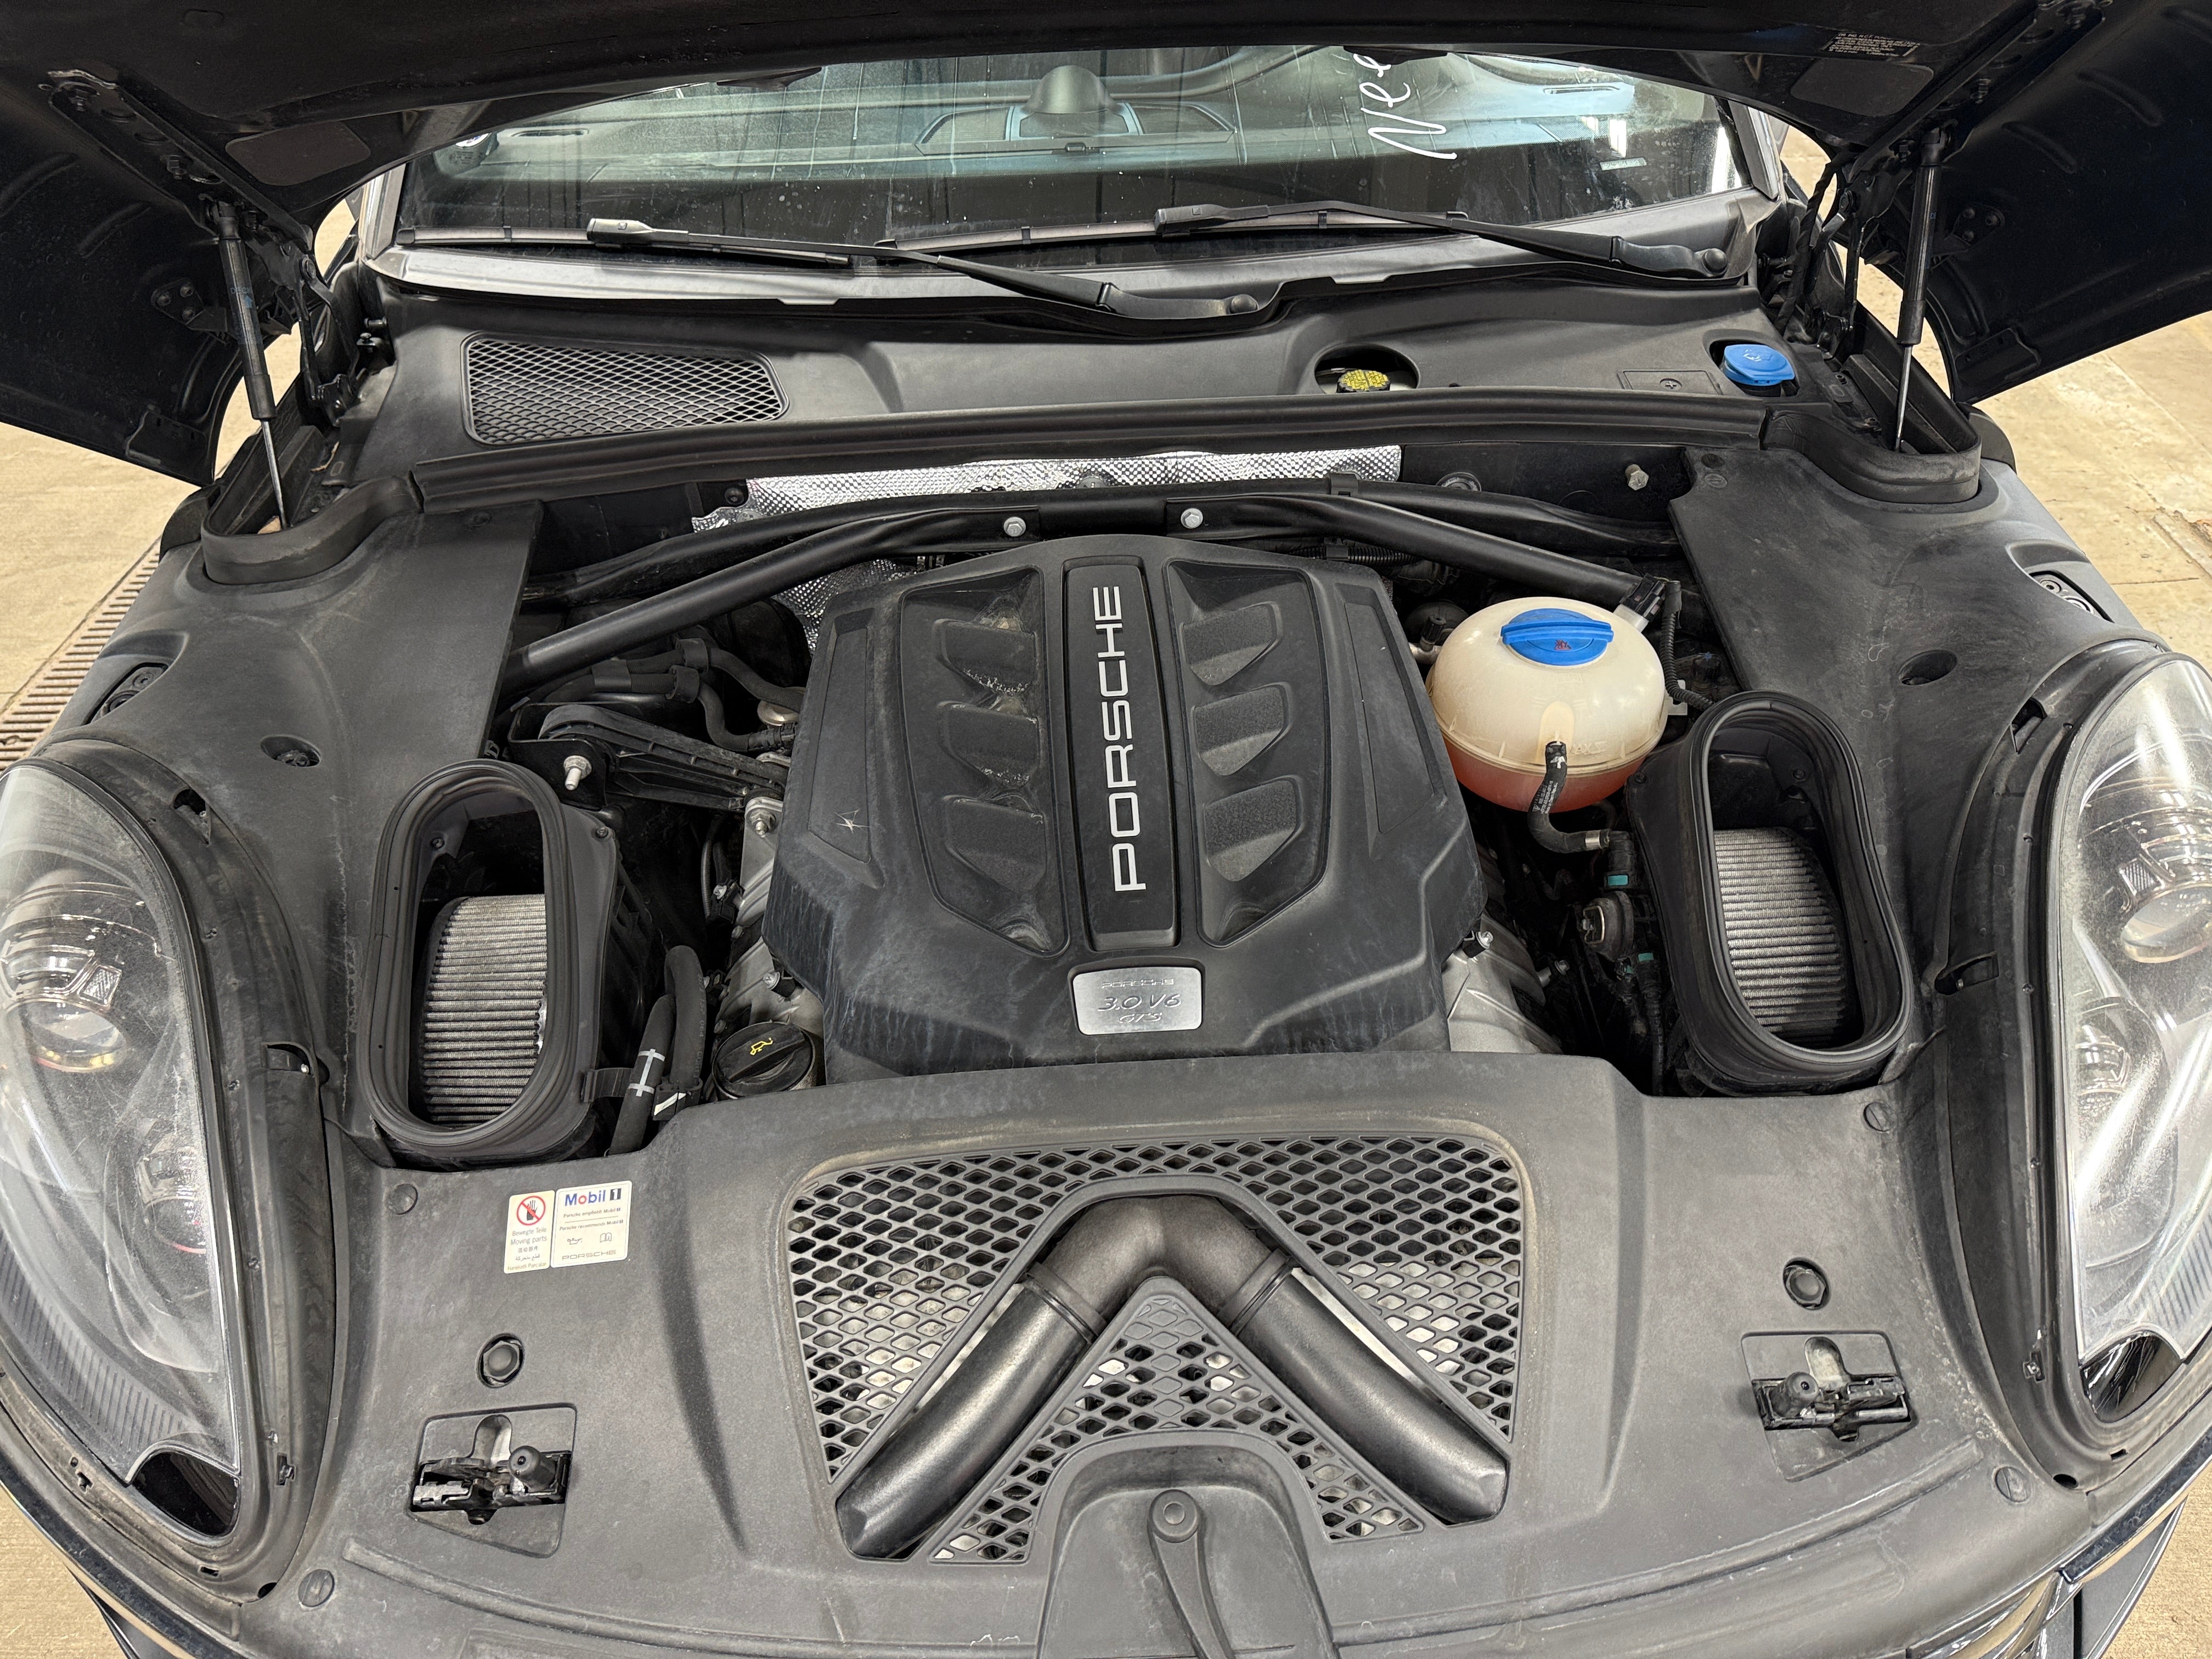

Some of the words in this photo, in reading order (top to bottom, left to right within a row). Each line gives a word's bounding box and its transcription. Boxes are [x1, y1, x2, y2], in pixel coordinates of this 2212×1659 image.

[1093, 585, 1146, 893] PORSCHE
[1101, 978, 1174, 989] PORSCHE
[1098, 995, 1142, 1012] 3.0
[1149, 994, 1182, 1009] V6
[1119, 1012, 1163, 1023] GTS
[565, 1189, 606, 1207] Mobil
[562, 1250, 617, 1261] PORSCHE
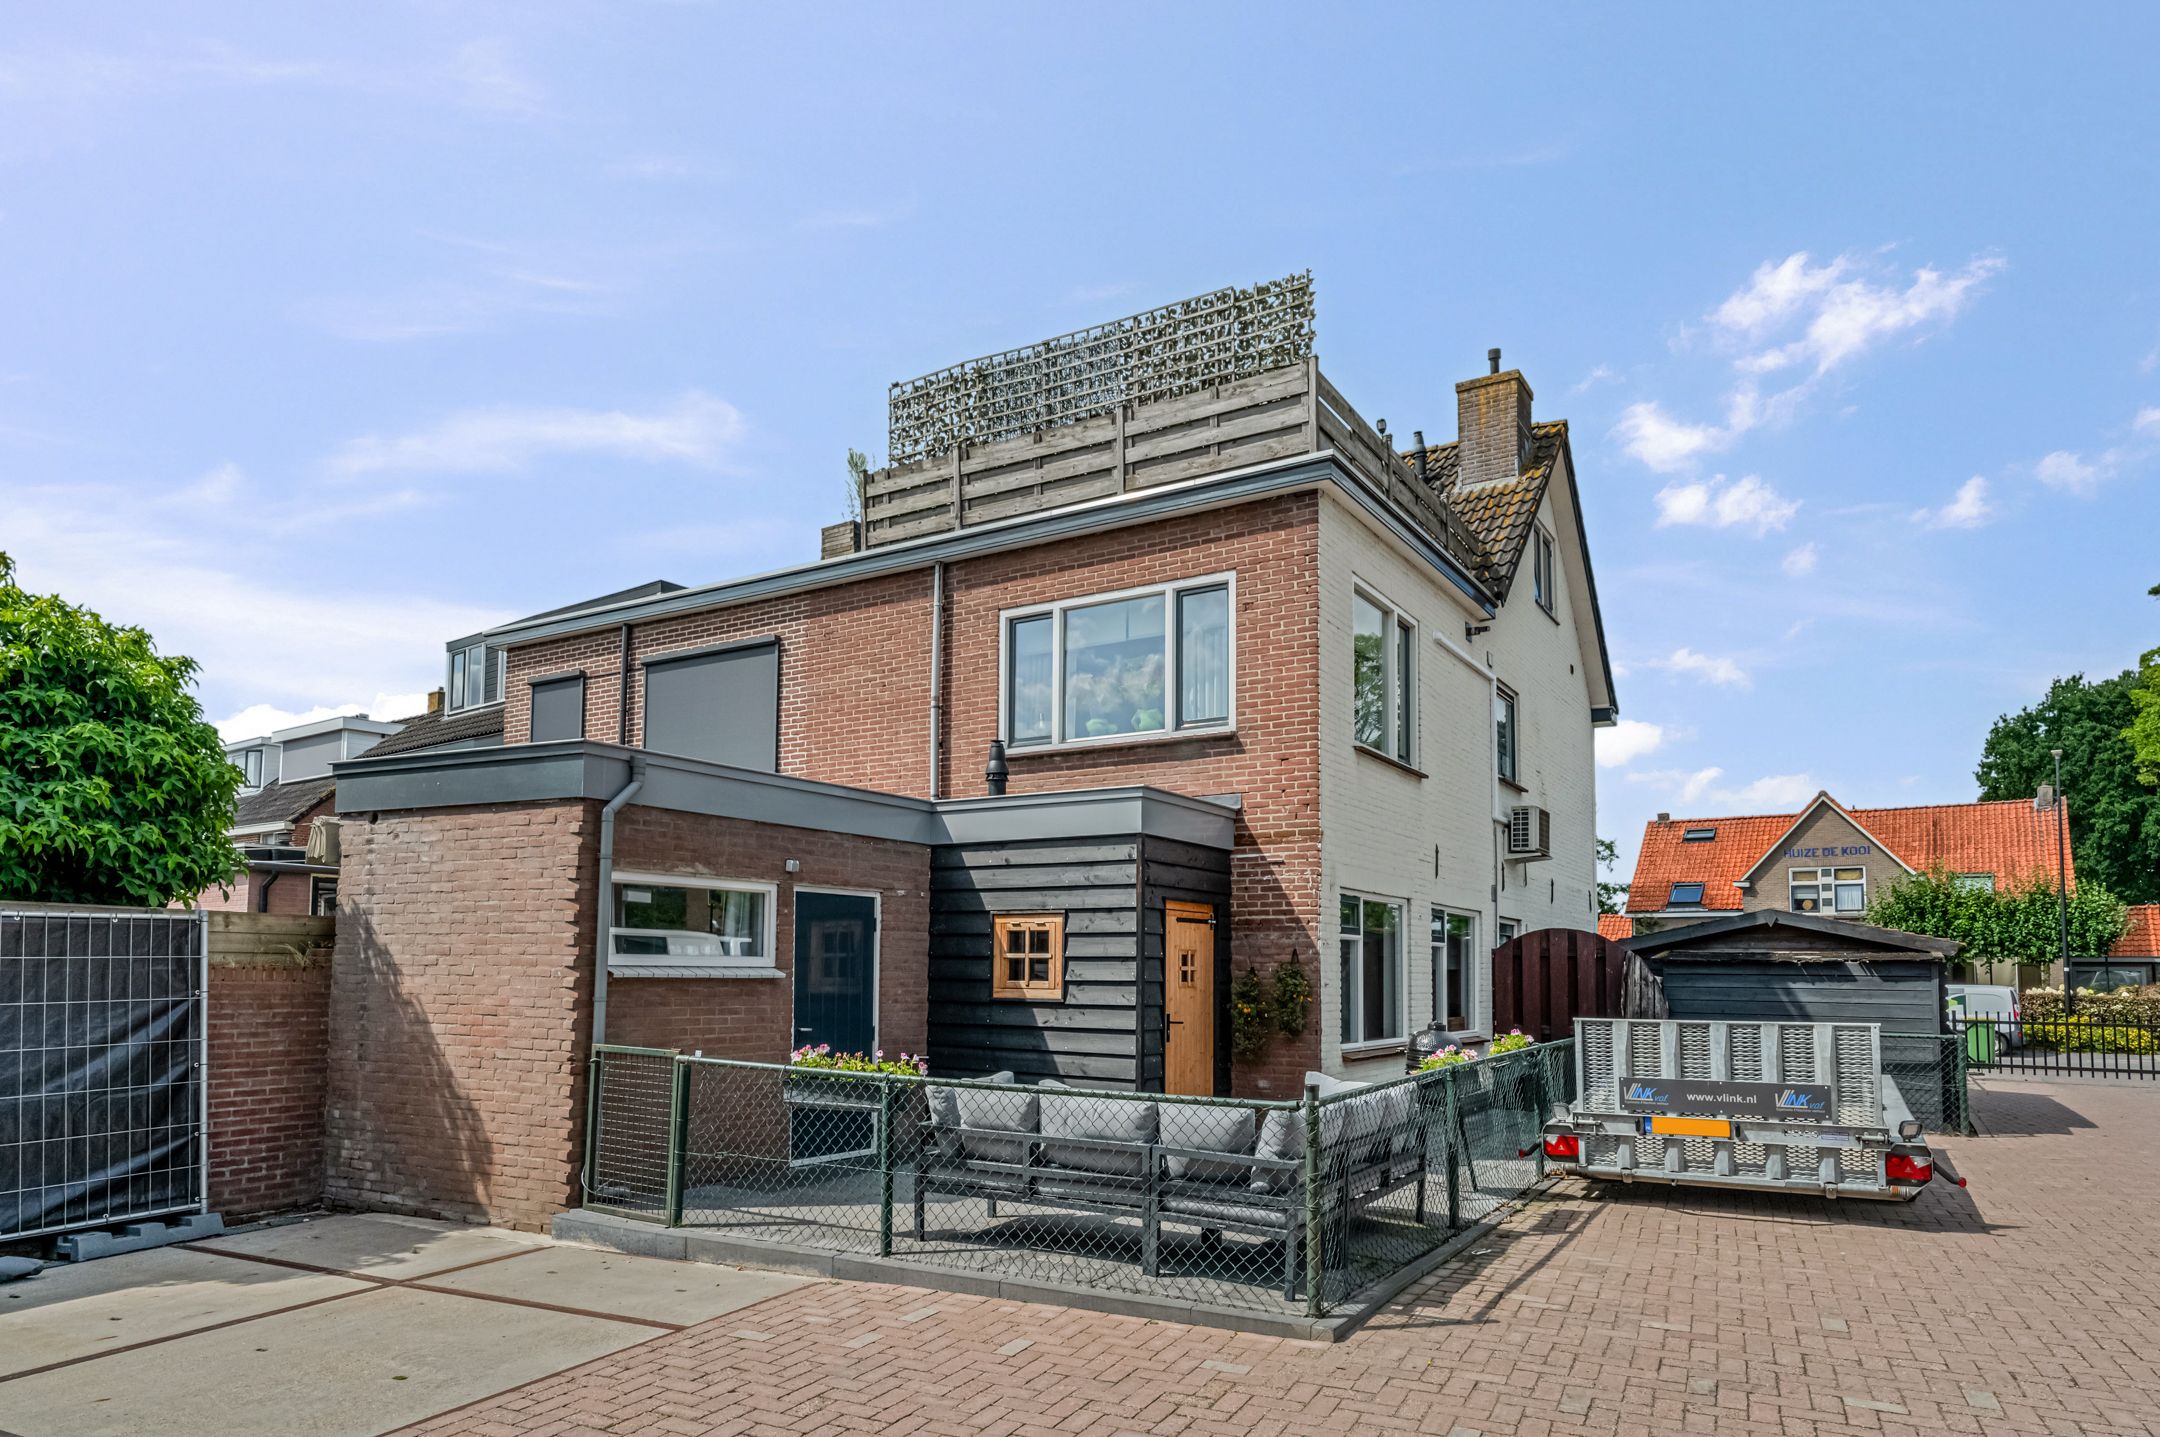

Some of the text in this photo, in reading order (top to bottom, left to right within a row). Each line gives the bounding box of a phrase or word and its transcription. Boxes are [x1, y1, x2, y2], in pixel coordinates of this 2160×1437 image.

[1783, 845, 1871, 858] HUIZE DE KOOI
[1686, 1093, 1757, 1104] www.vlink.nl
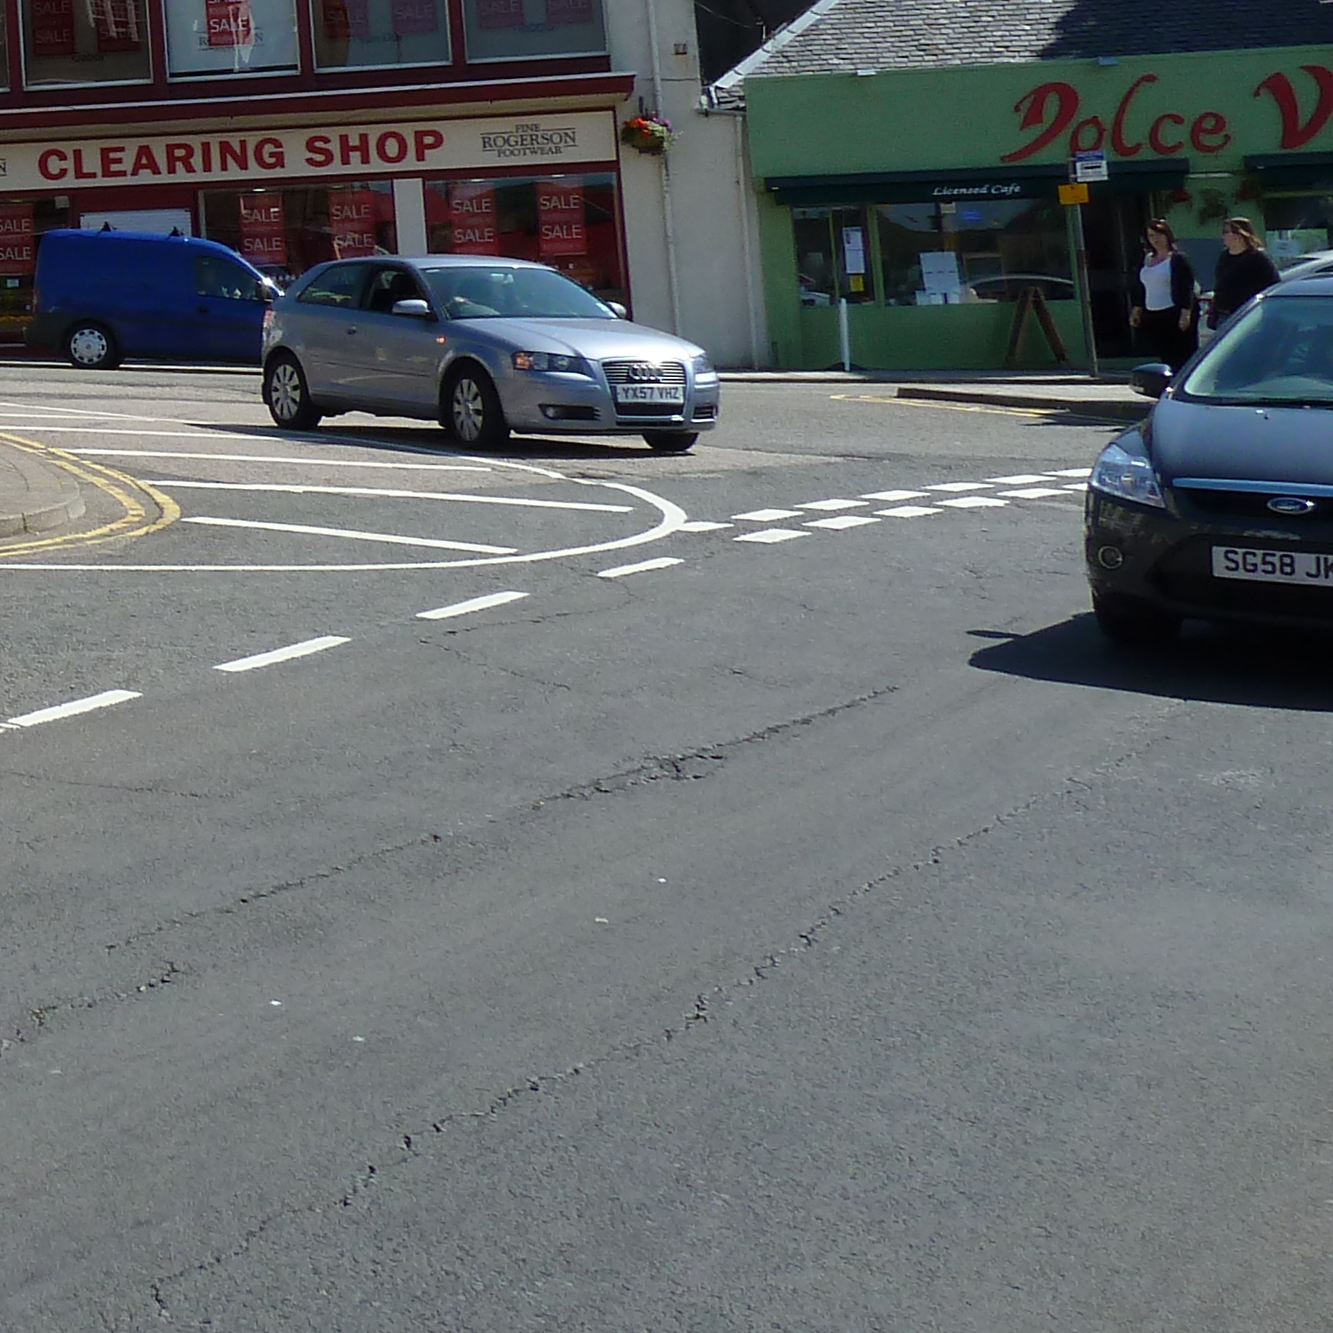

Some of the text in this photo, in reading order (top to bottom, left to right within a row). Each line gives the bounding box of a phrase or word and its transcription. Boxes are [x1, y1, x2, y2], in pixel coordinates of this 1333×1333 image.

* * * * * * * * *

REQUIREMENT>
Return the material exactly as given, apart from the pictures.

SOLUTION TO THIS PROBLEM>
Some of the words in this photo, in reading order (top to bottom, left to right within a row). Each line gives a word's bounding box and its transcription. Boxes are [x1, y1, x2, y2], in pixel coordinates of this 2212×1659 image.

[1093, 585, 1146, 893] PORSCHE
[1101, 978, 1174, 989] PORSCHE
[1098, 995, 1142, 1012] 3.0
[1149, 994, 1182, 1009] V6
[1119, 1012, 1163, 1023] GTS
[565, 1189, 606, 1207] Mobil
[562, 1250, 617, 1261] PORSCHE

Some of the text in this photo, in reading order (top to bottom, left to right within a row). Each line gives the bounding box of a phrase or word and its transcription. Boxes are [x1, y1, x2, y2], in pixel coordinates of this 2160×1437 image.

[1783, 845, 1871, 858] HUIZE DE KOOI
[1686, 1093, 1757, 1104] www.vlink.nl

Some of the text in this photo, in reading order (top to bottom, left to right within a row). Each line gives the bounding box of a phrase or word and its transcription. Boxes are [x1, y1, x2, y2], in pixel coordinates of this 1333×1333 image.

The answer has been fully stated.